■ WHAT THE TASK REQUIRES ■
Would you set down every line of the data below exactly as it reads?

··· PROVIDED INFORMATION ···

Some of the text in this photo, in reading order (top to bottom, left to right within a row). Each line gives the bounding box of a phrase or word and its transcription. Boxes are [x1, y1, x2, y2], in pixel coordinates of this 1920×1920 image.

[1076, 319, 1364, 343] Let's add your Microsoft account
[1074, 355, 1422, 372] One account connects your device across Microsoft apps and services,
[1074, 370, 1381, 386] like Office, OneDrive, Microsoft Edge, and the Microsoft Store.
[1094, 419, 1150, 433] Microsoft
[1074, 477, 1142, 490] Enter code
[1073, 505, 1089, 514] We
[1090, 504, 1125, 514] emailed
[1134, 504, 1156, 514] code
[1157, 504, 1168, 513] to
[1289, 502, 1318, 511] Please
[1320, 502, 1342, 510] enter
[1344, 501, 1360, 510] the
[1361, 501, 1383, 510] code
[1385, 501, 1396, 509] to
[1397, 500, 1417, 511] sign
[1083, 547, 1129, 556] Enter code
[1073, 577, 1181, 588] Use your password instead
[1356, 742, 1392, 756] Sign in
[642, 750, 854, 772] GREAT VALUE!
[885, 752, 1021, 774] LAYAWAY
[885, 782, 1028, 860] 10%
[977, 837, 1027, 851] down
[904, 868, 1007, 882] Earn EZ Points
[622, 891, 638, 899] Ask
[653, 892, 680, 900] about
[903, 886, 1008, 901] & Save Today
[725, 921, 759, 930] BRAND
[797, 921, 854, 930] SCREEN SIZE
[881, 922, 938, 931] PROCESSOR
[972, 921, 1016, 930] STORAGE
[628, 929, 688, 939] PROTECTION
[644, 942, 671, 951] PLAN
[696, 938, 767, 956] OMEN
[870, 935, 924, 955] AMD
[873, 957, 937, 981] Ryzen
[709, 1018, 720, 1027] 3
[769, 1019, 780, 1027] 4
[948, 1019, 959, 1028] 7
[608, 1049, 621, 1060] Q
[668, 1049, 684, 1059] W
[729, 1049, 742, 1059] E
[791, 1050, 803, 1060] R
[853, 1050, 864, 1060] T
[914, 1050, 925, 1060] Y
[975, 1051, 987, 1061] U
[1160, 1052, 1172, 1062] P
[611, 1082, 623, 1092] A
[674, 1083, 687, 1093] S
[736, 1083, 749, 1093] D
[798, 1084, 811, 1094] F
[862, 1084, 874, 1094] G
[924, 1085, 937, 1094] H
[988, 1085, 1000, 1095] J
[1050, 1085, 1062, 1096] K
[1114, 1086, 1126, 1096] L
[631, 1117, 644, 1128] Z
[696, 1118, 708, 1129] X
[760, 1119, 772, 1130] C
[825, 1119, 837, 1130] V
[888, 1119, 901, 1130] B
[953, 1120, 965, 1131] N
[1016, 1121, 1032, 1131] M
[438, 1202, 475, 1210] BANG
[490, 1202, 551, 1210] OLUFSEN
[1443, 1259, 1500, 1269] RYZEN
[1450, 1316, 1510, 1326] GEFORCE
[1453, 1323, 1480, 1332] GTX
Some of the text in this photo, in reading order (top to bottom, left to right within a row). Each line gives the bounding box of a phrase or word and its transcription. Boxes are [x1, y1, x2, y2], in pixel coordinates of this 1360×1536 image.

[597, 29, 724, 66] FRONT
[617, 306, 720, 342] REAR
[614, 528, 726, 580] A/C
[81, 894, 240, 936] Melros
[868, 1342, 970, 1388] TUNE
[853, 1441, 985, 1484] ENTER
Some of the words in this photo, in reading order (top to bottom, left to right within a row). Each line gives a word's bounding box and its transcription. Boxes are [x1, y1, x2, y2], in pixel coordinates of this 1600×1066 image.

···

■ FINISHED EXERCISE ■
Some of the text in this photo, in reading order (top to bottom, left to right within a row). Each line gives the bounding box of a phrase or word and its transcription. Boxes are [x1, y1, x2, y2], in pixel coordinates of this 1920×1920 image.

[1076, 319, 1364, 343] Let's add your Microsoft account
[1074, 355, 1422, 372] One account connects your device across Microsoft apps and services,
[1074, 370, 1381, 386] like Office, OneDrive, Microsoft Edge, and the Microsoft Store.
[1094, 419, 1150, 433] Microsoft
[1074, 477, 1142, 490] Enter code
[1073, 505, 1089, 514] We
[1090, 504, 1125, 514] emailed
[1134, 504, 1156, 514] code
[1157, 504, 1168, 513] to
[1289, 502, 1318, 511] Please
[1320, 502, 1342, 510] enter
[1344, 501, 1360, 510] the
[1361, 501, 1383, 510] code
[1385, 501, 1396, 509] to
[1397, 500, 1417, 511] sign
[1083, 547, 1129, 556] Enter code
[1073, 577, 1181, 588] Use your password instead
[1356, 742, 1392, 756] Sign in
[642, 750, 854, 772] GREAT VALUE!
[885, 752, 1021, 774] LAYAWAY
[885, 782, 1028, 860] 10%
[977, 837, 1027, 851] down
[904, 868, 1007, 882] Earn EZ Points
[622, 891, 638, 899] Ask
[653, 892, 680, 900] about
[903, 886, 1008, 901] & Save Today
[725, 921, 759, 930] BRAND
[797, 921, 854, 930] SCREEN SIZE
[881, 922, 938, 931] PROCESSOR
[972, 921, 1016, 930] STORAGE
[628, 929, 688, 939] PROTECTION
[644, 942, 671, 951] PLAN
[696, 938, 767, 956] OMEN
[870, 935, 924, 955] AMD
[873, 957, 937, 981] Ryzen
[709, 1018, 720, 1027] 3
[769, 1019, 780, 1027] 4
[948, 1019, 959, 1028] 7
[608, 1049, 621, 1060] Q
[668, 1049, 684, 1059] W
[729, 1049, 742, 1059] E
[791, 1050, 803, 1060] R
[853, 1050, 864, 1060] T
[914, 1050, 925, 1060] Y
[975, 1051, 987, 1061] U
[1160, 1052, 1172, 1062] P
[611, 1082, 623, 1092] A
[674, 1083, 687, 1093] S
[736, 1083, 749, 1093] D
[798, 1084, 811, 1094] F
[862, 1084, 874, 1094] G
[924, 1085, 937, 1094] H
[988, 1085, 1000, 1095] J
[1050, 1085, 1062, 1096] K
[1114, 1086, 1126, 1096] L
[631, 1117, 644, 1128] Z
[696, 1118, 708, 1129] X
[760, 1119, 772, 1130] C
[825, 1119, 837, 1130] V
[888, 1119, 901, 1130] B
[953, 1120, 965, 1131] N
[1016, 1121, 1032, 1131] M
[438, 1202, 475, 1210] BANG
[490, 1202, 551, 1210] OLUFSEN
[1443, 1259, 1500, 1269] RYZEN
[1450, 1316, 1510, 1326] GEFORCE
[1453, 1323, 1480, 1332] GTX
Some of the text in this photo, in reading order (top to bottom, left to right within a row). Each line gives the bounding box of a phrase or word and its transcription. Boxes are [x1, y1, x2, y2], in pixel coordinates of this 1360×1536 image.

[597, 29, 724, 66] FRONT
[617, 306, 720, 342] REAR
[614, 528, 726, 580] A/C
[81, 894, 240, 936] Melros
[868, 1342, 970, 1388] TUNE
[853, 1441, 985, 1484] ENTER
Some of the words in this photo, in reading order (top to bottom, left to right within a row). Each line gives a word's bounding box and its transcription. Boxes are [x1, y1, x2, y2], in pixel coordinates of this 1600×1066 image.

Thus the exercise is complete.